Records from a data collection

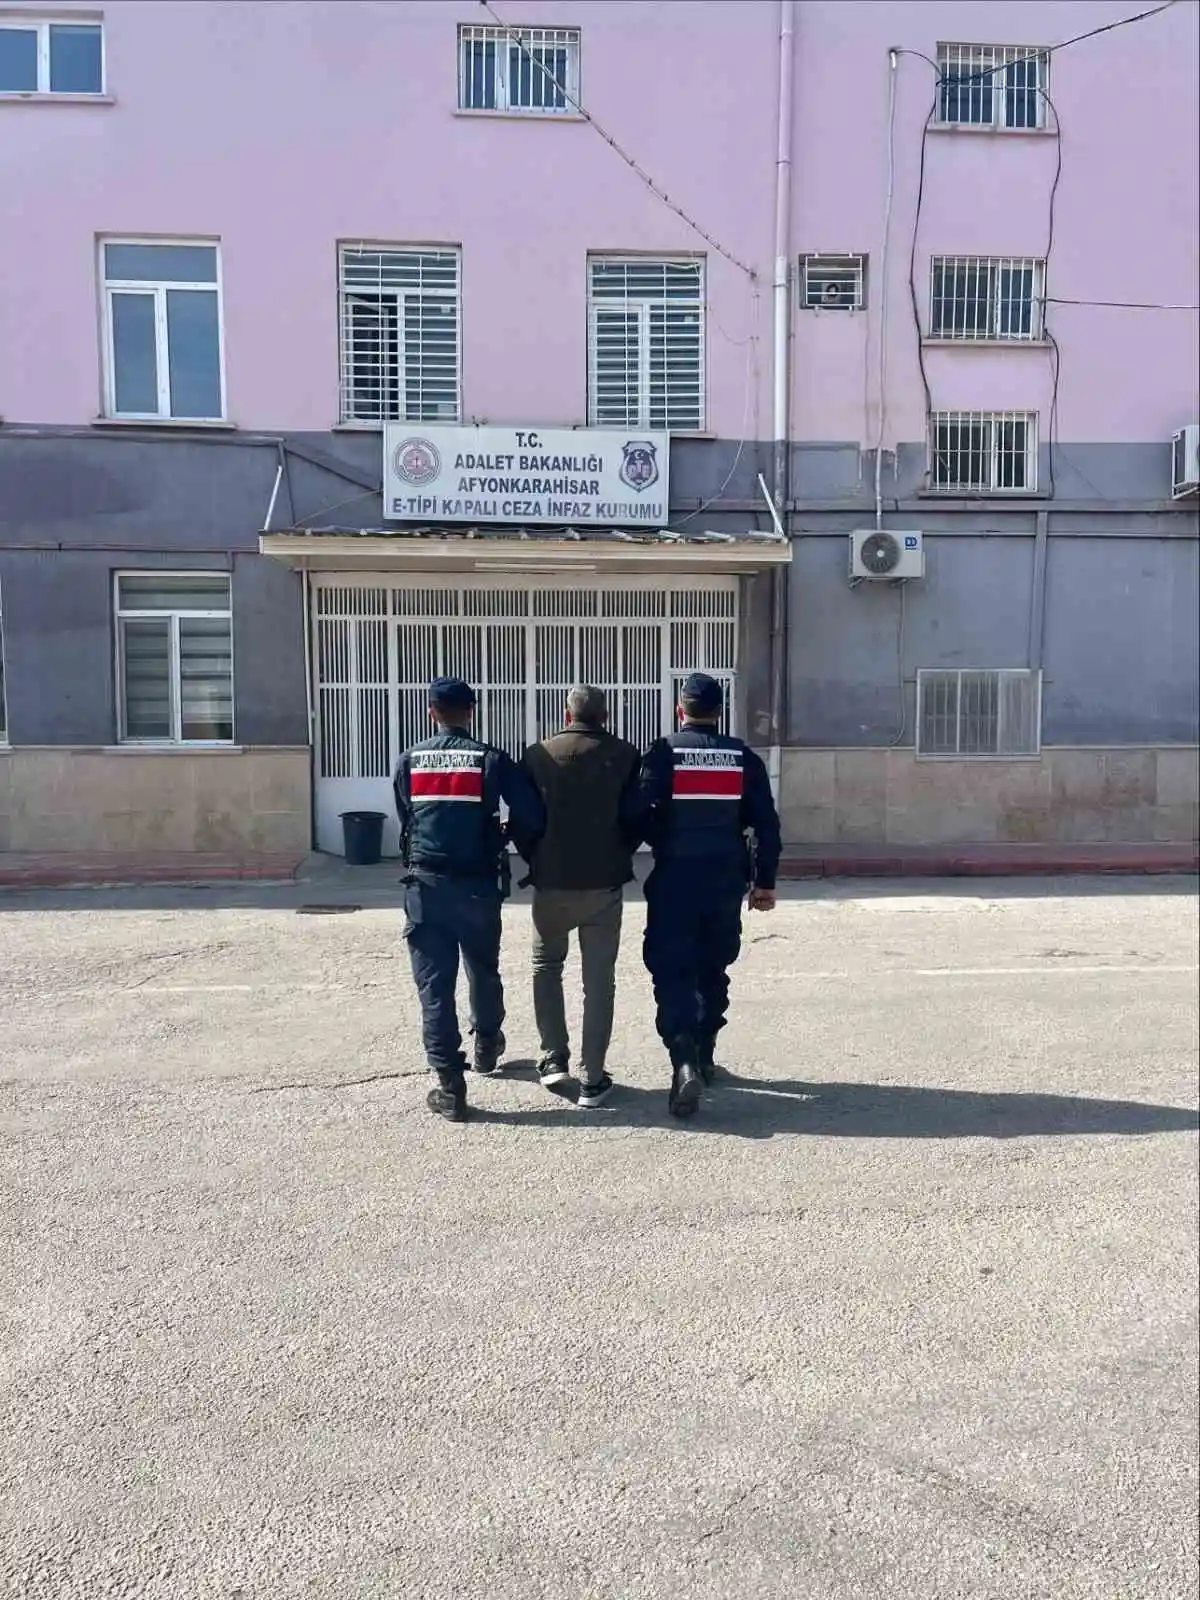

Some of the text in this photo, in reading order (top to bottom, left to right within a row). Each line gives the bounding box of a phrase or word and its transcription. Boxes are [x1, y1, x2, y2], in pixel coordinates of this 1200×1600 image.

[515, 432, 543, 448] T.C.
[454, 453, 603, 473] ADALET BAKANLIĞI
[458, 476, 600, 496] AFYONKARAHİSAR
[393, 496, 663, 519] E-TİPİ KAPALI CEZA İNFAZ KURUMU
[416, 753, 475, 769] JANDARMA
[682, 751, 737, 768] JANDARMA

• [TASK DETAILS]: An exact copy of every record above is needed, with all pictures left out.

• [OUTPUT BELOW]:
Some of the text in this photo, in reading order (top to bottom, left to right within a row). Each line gives the bounding box of a phrase or word and its transcription. Boxes are [x1, y1, x2, y2], in pixel coordinates of this 1200×1600 image.

[515, 432, 543, 448] T.C.
[454, 453, 603, 473] ADALET BAKANLIĞI
[458, 476, 600, 496] AFYONKARAHİSAR
[393, 496, 663, 519] E-TİPİ KAPALI CEZA İNFAZ KURUMU
[416, 753, 475, 769] JANDARMA
[682, 751, 737, 768] JANDARMA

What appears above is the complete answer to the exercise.